[Not really OT] Crowdstrike Analysis: It was a NULL pointer from the memory unsafe C++ language.

Sat Jul 27 19:00:46 UTC 2024

On 28/07/2024 6:33 AM, Walter Bright wrote:
> On 7/27/2024 2:30 AM, Richard (Rikki) Andrew Cattermole wrote:
>> There are two solutions for a native language that isn't just ignoring 
>> it like we do today. Check it at CT and warn/error if you do not 
>> handle null, or inject read barriers like we do for bounds checks to 
>> cause the runtime exception.
> 
> How is `assert(p != null)` better?

Two reasons.

1. You made the decision. You had to consider what would happen in this 
situation. The question was asked, what happens should this be null? If 
you want to assert that's fine. What is not fine is making an assumption 
and never state it, never have it proven to be true.

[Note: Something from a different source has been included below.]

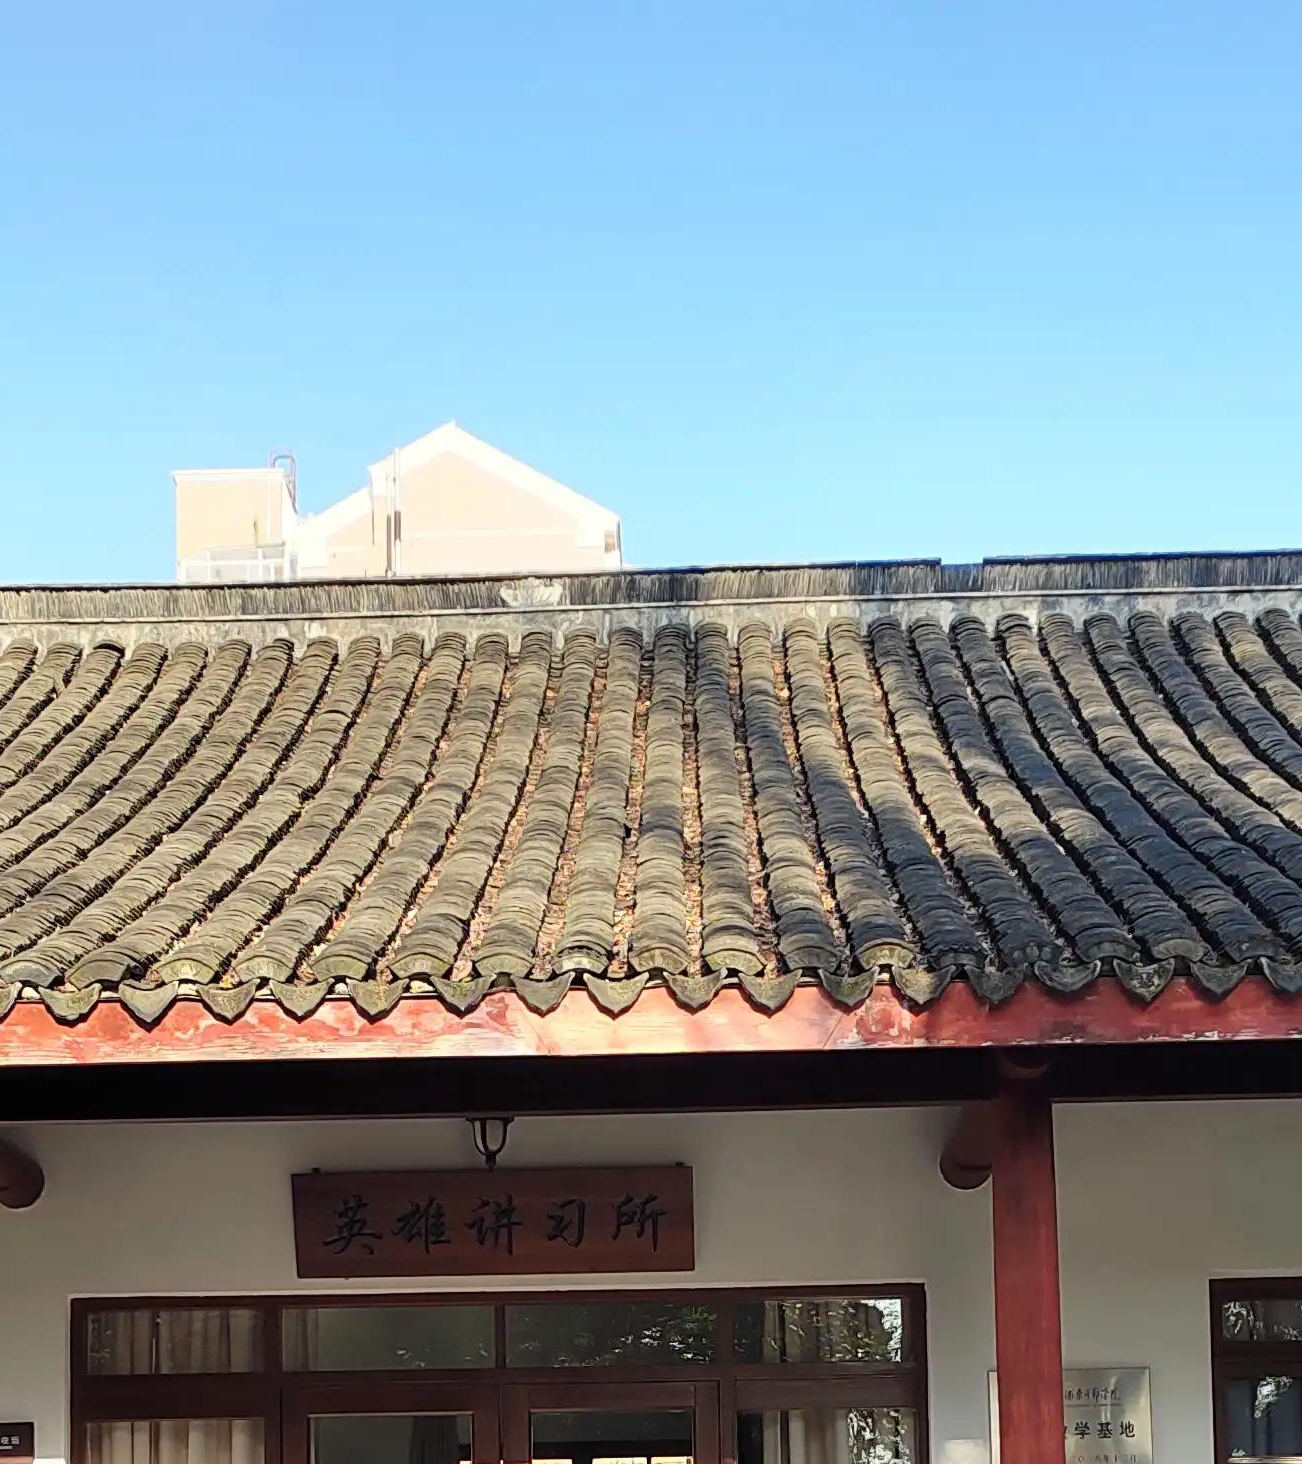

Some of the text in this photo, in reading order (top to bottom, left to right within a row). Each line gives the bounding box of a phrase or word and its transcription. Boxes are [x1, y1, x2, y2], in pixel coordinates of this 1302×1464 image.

[322, 1193, 667, 1256] 英雄讲习所

2. It throws an exception (in D), which can be caught safely. It is only 
when exception chaining occurs that the state may not have been cleaned 
up correctly.

An even better solution to using an assert, is to use an if statement 
instead.

```d
if (int* ptr = var.field) {
	// success
} else {
	// fail, you can gracefully degrade/log here
}
```

With the help of ``?.`` operator, we can also make this very nice to use 
for loads and stores, AND be temporally safe!

```d
if (S1* ptr1 = var.field1) {
	if (S2* ptr2 = ptr1.field2) {
		// success
		goto AfterFailure;
	}
}

// failure

AfterFailure:
```

From:

```d
if (int* ptr = var?.field1?.field2) {
	// success
} else {
	// failure
}
```

>> Note: this is solved in C/C++ world. They have such analysis in their 
>> compilers: analyzer-null-dereference
>>
>> https://gcc.gnu.org/onlinedocs/gcc-10.1.0/gcc/Static-Analyzer-Options.html
> 
> -Wanalyzer-possible-null-argument
> 
> That's not solving it.

Yes and no.

It cannot solve it completely in C or C++ because there is no language 
integration.

For temporal safety, you have to make sure you do a load into a 
variable, and only then do the test.

Which means this:

```d
void func(int** ptr) {
	assert(*ptr !is null);

	int i = **ptr; // ERROR: `**ptr` is in an unknown type state, it could 
be null
}
```

> Many simple cases can indeed be found by DFA. But not all. There's also 
> a lot of DFA trying to eliminate array bounds errors, but such errors 
> remain the #1 security problem with C and C++.
> 
> D does insert checks for array bounds overflow, because the hardware is 
> of no help.

I agree about bounds checks. However as read barriers, these are things 
that we do control, and throw an exception that we can catch.

For this reason, bounds checks do not need CT analysis. They do not have 
to bring down an application if caught.

On the other hand, null dereference requires signal handling to catch. 
If you don't own thread and process you cannot use that to throw an 
exception. For this reason it's not comparable and requires CT analysis 
to prevent bringing down the process.

On the other hand, if you were to propose read barriers that throw 
exceptions for null dereference, I would agree to the statement that 
they are comparable.

>> It only takes one major outage where a business loses money before 
>> they consider dumping a D companies solution. No client wants to hear: 
>> "We did this in a known unsafe language for this particular error, 
>> when a more main stream language has solutions to it and D doesn't."
> 
> How is this different from `assert(p != null)` ?

See at top of my reply.

A joke I've been making at BeerConf atm (more or less):

User: Press F5
User: Press F5
User: Press F5, WHY ISN'T THE ABOUT PAGE SHOWING??????
User: Press F5 * 1000

Developer: Why are all the web server instances down?
Developer: Oh a segfault due to null dereference

User: Press F5 * 100000000000

Owner: Why did you use D! If you just used <insert mainstream 
application VM language> we wouldn't have lost millions of dollars!!!